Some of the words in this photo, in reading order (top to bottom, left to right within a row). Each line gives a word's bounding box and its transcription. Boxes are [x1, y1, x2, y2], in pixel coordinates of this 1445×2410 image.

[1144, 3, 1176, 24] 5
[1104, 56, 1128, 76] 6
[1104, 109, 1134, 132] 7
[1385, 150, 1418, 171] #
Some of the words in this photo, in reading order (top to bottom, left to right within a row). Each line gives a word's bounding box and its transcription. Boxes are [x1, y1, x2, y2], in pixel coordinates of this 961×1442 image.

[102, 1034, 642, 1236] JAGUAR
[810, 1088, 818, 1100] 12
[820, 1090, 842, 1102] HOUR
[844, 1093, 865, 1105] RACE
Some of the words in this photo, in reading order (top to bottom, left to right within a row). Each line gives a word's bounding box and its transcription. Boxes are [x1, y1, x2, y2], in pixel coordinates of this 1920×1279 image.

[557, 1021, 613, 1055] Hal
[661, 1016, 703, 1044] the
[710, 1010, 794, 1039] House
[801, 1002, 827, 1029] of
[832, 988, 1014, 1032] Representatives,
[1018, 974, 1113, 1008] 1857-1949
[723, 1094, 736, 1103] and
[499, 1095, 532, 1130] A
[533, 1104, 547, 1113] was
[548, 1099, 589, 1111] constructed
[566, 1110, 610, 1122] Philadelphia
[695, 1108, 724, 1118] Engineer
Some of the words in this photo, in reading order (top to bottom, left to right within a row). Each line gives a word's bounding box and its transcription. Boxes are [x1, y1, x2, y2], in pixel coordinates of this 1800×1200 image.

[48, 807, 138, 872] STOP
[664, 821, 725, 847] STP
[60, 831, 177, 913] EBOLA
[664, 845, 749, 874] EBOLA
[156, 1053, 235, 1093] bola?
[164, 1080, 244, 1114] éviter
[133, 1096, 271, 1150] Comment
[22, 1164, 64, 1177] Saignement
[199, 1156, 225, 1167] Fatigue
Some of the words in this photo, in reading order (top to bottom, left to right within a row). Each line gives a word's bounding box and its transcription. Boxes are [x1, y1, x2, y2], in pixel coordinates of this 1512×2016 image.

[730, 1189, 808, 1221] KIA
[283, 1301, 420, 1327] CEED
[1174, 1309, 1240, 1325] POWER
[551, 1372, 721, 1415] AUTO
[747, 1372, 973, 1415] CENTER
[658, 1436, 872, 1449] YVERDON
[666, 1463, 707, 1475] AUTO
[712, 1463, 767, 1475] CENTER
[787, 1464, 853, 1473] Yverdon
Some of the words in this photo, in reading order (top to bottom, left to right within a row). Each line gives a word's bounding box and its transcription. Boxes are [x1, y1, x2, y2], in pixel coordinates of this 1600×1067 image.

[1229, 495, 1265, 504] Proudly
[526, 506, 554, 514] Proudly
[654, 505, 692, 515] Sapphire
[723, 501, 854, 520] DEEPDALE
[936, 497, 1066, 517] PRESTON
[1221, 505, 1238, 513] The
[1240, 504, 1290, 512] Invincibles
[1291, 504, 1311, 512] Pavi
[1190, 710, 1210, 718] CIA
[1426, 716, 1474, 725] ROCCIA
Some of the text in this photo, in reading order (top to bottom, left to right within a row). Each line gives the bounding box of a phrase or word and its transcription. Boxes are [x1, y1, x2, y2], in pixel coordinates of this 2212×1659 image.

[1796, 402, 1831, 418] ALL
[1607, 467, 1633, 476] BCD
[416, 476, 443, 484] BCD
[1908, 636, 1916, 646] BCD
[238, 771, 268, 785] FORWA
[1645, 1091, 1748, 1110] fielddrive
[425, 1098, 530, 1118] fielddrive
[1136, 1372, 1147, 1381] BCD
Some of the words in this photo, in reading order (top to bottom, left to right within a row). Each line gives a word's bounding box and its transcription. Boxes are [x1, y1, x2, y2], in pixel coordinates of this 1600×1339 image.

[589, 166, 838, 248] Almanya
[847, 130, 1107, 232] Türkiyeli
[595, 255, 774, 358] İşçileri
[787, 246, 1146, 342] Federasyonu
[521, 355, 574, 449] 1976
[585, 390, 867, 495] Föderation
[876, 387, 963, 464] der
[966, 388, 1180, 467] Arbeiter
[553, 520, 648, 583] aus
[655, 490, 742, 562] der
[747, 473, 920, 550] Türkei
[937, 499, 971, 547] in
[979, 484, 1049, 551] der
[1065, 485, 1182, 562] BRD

━━━━━━━━━━━━━━━━━━━━━━━━━━━━━━

TO DO: Write the data out once more, exactly as it was given.

COMPLETED TASK:
Some of the words in this photo, in reading order (top to bottom, left to right within a row). Each line gives a word's bounding box and its transcription. Boxes are [x1, y1, x2, y2], in pixel coordinates of this 1445×2410 image.

[1144, 3, 1176, 24] 5
[1104, 56, 1128, 76] 6
[1104, 109, 1134, 132] 7
[1385, 150, 1418, 171] #
Some of the words in this photo, in reading order (top to bottom, left to right within a row). Each line gives a word's bounding box and its transcription. Boxes are [x1, y1, x2, y2], in pixel coordinates of this 961×1442 image.

[102, 1034, 642, 1236] JAGUAR
[810, 1088, 818, 1100] 12
[820, 1090, 842, 1102] HOUR
[844, 1093, 865, 1105] RACE
Some of the words in this photo, in reading order (top to bottom, left to right within a row). Each line gives a word's bounding box and its transcription. Boxes are [x1, y1, x2, y2], in pixel coordinates of this 1920×1279 image.

[557, 1021, 613, 1055] Hal
[661, 1016, 703, 1044] the
[710, 1010, 794, 1039] House
[801, 1002, 827, 1029] of
[832, 988, 1014, 1032] Representatives,
[1018, 974, 1113, 1008] 1857-1949
[723, 1094, 736, 1103] and
[499, 1095, 532, 1130] A
[533, 1104, 547, 1113] was
[548, 1099, 589, 1111] constructed
[566, 1110, 610, 1122] Philadelphia
[695, 1108, 724, 1118] Engineer
Some of the words in this photo, in reading order (top to bottom, left to right within a row). Each line gives a word's bounding box and its transcription. Boxes are [x1, y1, x2, y2], in pixel coordinates of this 1800×1200 image.

[48, 807, 138, 872] STOP
[664, 821, 725, 847] STP
[60, 831, 177, 913] EBOLA
[664, 845, 749, 874] EBOLA
[156, 1053, 235, 1093] bola?
[164, 1080, 244, 1114] éviter
[133, 1096, 271, 1150] Comment
[22, 1164, 64, 1177] Saignement
[199, 1156, 225, 1167] Fatigue
Some of the words in this photo, in reading order (top to bottom, left to right within a row). Each line gives a word's bounding box and its transcription. Boxes are [x1, y1, x2, y2], in pixel coordinates of this 1512×2016 image.

[730, 1189, 808, 1221] KIA
[283, 1301, 420, 1327] CEED
[1174, 1309, 1240, 1325] POWER
[551, 1372, 721, 1415] AUTO
[747, 1372, 973, 1415] CENTER
[658, 1436, 872, 1449] YVERDON
[666, 1463, 707, 1475] AUTO
[712, 1463, 767, 1475] CENTER
[787, 1464, 853, 1473] Yverdon
Some of the words in this photo, in reading order (top to bottom, left to right within a row). Each line gives a word's bounding box and its transcription. Boxes are [x1, y1, x2, y2], in pixel coordinates of this 1600×1067 image.

[1229, 495, 1265, 504] Proudly
[526, 506, 554, 514] Proudly
[654, 505, 692, 515] Sapphire
[723, 501, 854, 520] DEEPDALE
[936, 497, 1066, 517] PRESTON
[1221, 505, 1238, 513] The
[1240, 504, 1290, 512] Invincibles
[1291, 504, 1311, 512] Pavi
[1190, 710, 1210, 718] CIA
[1426, 716, 1474, 725] ROCCIA
Some of the text in this photo, in reading order (top to bottom, left to right within a row). Each line gives the bounding box of a phrase or word and its transcription. Boxes are [x1, y1, x2, y2], in pixel coordinates of this 2212×1659 image.

[1796, 402, 1831, 418] ALL
[1607, 467, 1633, 476] BCD
[416, 476, 443, 484] BCD
[1908, 636, 1916, 646] BCD
[238, 771, 268, 785] FORWA
[1645, 1091, 1748, 1110] fielddrive
[425, 1098, 530, 1118] fielddrive
[1136, 1372, 1147, 1381] BCD
Some of the words in this photo, in reading order (top to bottom, left to right within a row). Each line gives a word's bounding box and its transcription. Boxes are [x1, y1, x2, y2], in pixel coordinates of this 1600×1339 image.

[589, 166, 838, 248] Almanya
[847, 130, 1107, 232] Türkiyeli
[595, 255, 774, 358] İşçileri
[787, 246, 1146, 342] Federasyonu
[521, 355, 574, 449] 1976
[585, 390, 867, 495] Föderation
[876, 387, 963, 464] der
[966, 388, 1180, 467] Arbeiter
[553, 520, 648, 583] aus
[655, 490, 742, 562] der
[747, 473, 920, 550] Türkei
[937, 499, 971, 547] in
[979, 484, 1049, 551] der
[1065, 485, 1182, 562] BRD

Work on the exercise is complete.